Angle Challenge

How I visualized it geometrically was to "shift" the slope $2$ line segment to the left by one unit, and then join its uppermost vertex to the rightmost vertex of the slope $\frac{1}{3}$ line segment to form an isosceles triangle with sides of length $\sqrt{5}, \sqrt{5}$ and $\sqrt{10} = \sqrt{2}\sqrt{5},$ (assuming unit squares). The side ratios are then of the form $1:1:\sqrt{2},$ and thus the triangle is a right isosceles triangle, implying that $\theta = 45^{\circ}.$

That's a very nice application of

$\tan^{-1} 1 + \tan^{-1} \frac{1}{2} + \tan^{-1} \frac{1}{3} = 90 ^ \circ.$

Let the sides length of the squares is 1, so we have:

$\sin\beta=\frac{2}{\sqrt{5}},~\cos\beta=\frac{1}{\sqrt{5}}, ~\sin\alpha=\frac{1}{\sqrt{10}}, ~\text{and}~\cos\alpha=\frac{3}{\sqrt{10}}$ .

Note that $\gamma=\beta-\alpha$

$\sin\gamma=\sin\beta\cos\alpha-\cos\beta\sin\alpha=\frac{2}{\sqrt{5}}\frac{3}{\sqrt{10}}-\frac{1}{\sqrt{5}}\frac{1}{\sqrt{10}}=\frac{5}{5\sqrt{2}}=\sin45^{\circ}$ (since $\gamma$ is an acute angel)

Thus, $\gamma=45^{\circ}$

It's simplest with trig, but this can be solved with some basic geometry... Here's a solution without words. Can someone fill in the details? :)

Here is my drafted solution.

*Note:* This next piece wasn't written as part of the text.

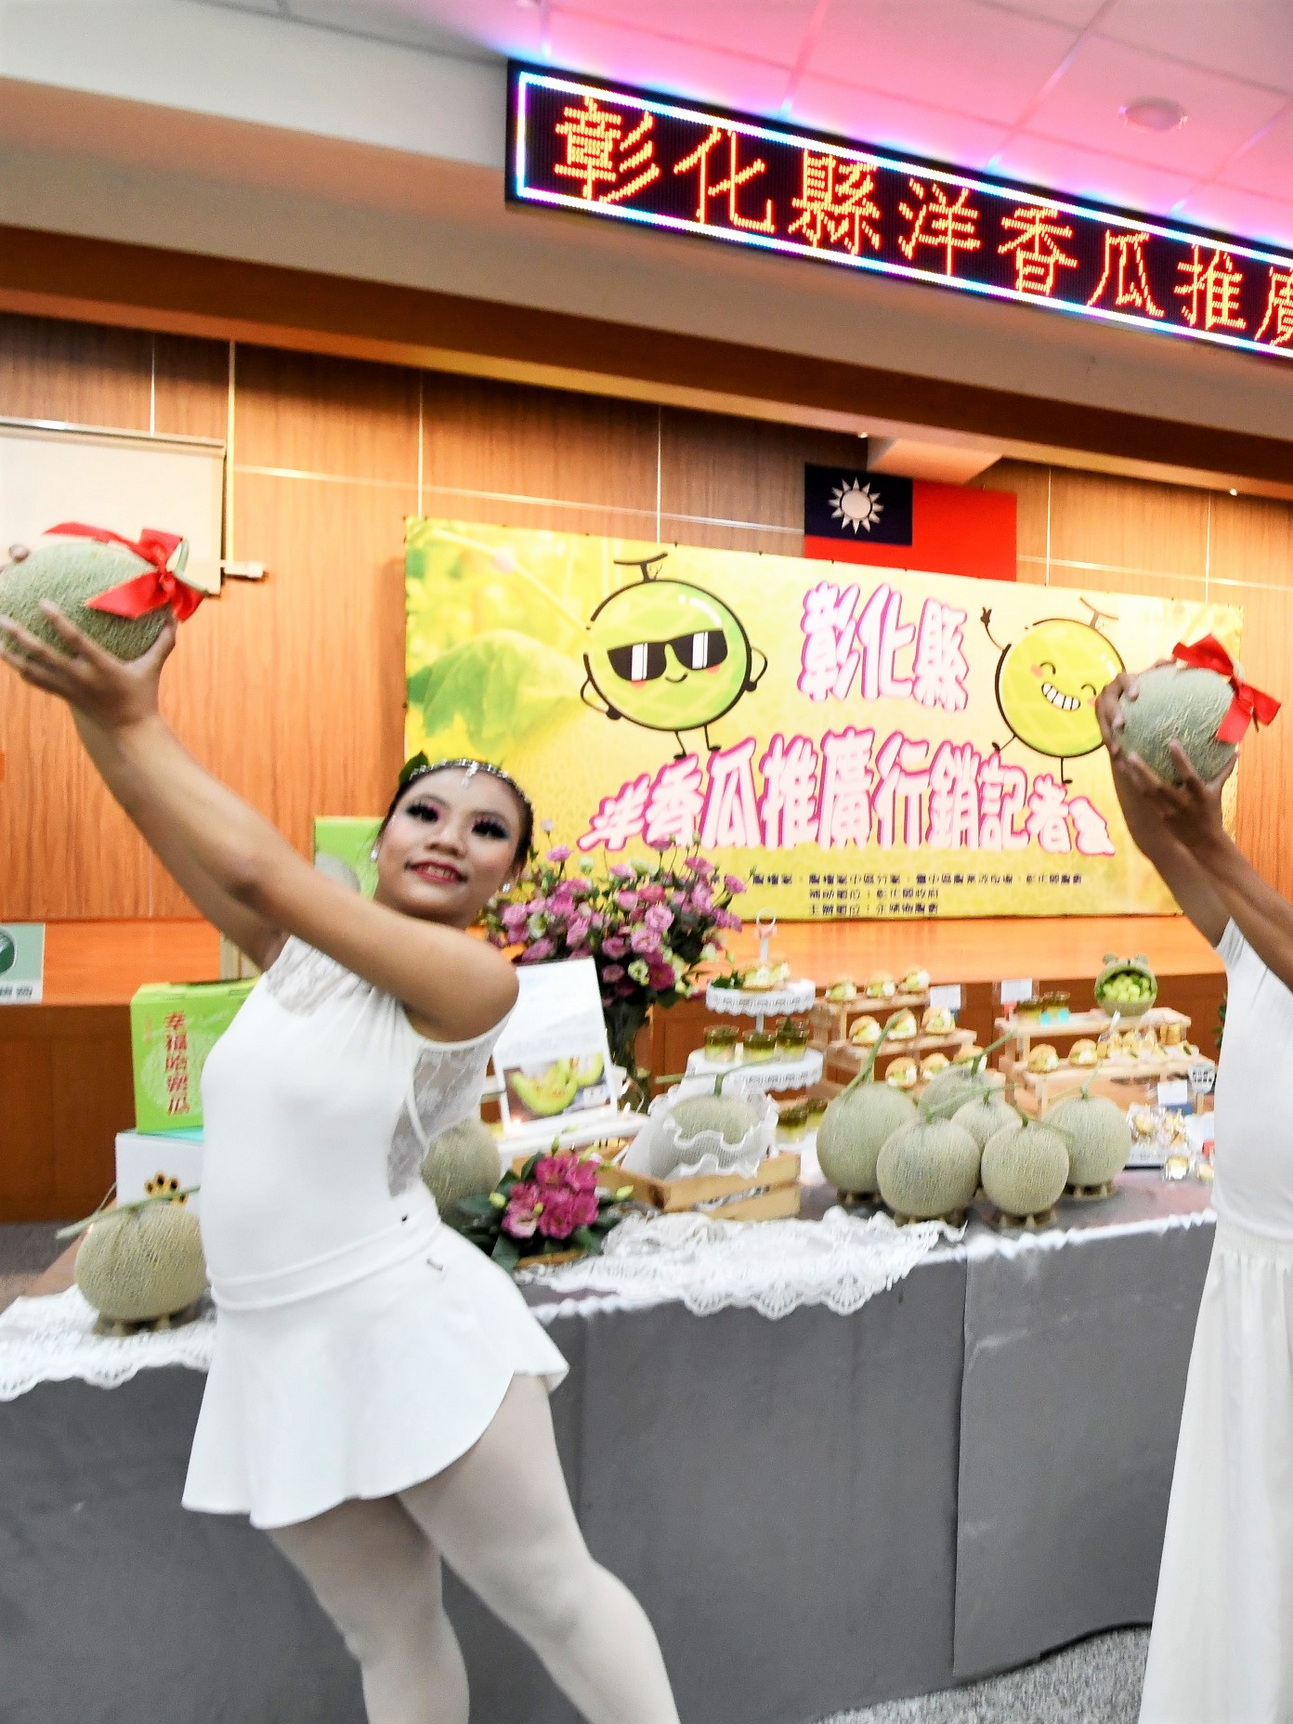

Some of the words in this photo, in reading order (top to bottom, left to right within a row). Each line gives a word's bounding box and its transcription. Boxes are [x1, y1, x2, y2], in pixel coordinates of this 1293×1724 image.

Have fun.

Draw the diagram to scale and adjust the angle so that the lower end coincides with base,then the upper end becomes the diagonal of the square as shown then angle is 45

180 - (arctan(1/3) + arctan(1/2) + 90) = 45, but I'm more a fan of your basic geometry solutions!

How I interpreted this problem is that I thought how many degrees are in a square, which is 180 then afterwards I divided 180 to how many squares there were in the figure which is 4.. 180 divided by 4= 45

a circle can be drawn. required angle = 1/2 * 90

How i visualized is the other side was 135° and we know that 180° - 135° = 45° strange but that's the simplest fact.

The slope of the steeper line (let this be line 2) is 2. The slope of the other line (let this be line 1) is 1/3. Using the formula for angle between two lines in analytic geometry: tan A = (m2 - m1) / (1+ m2 x m1), we can compute that A is 45 degrees.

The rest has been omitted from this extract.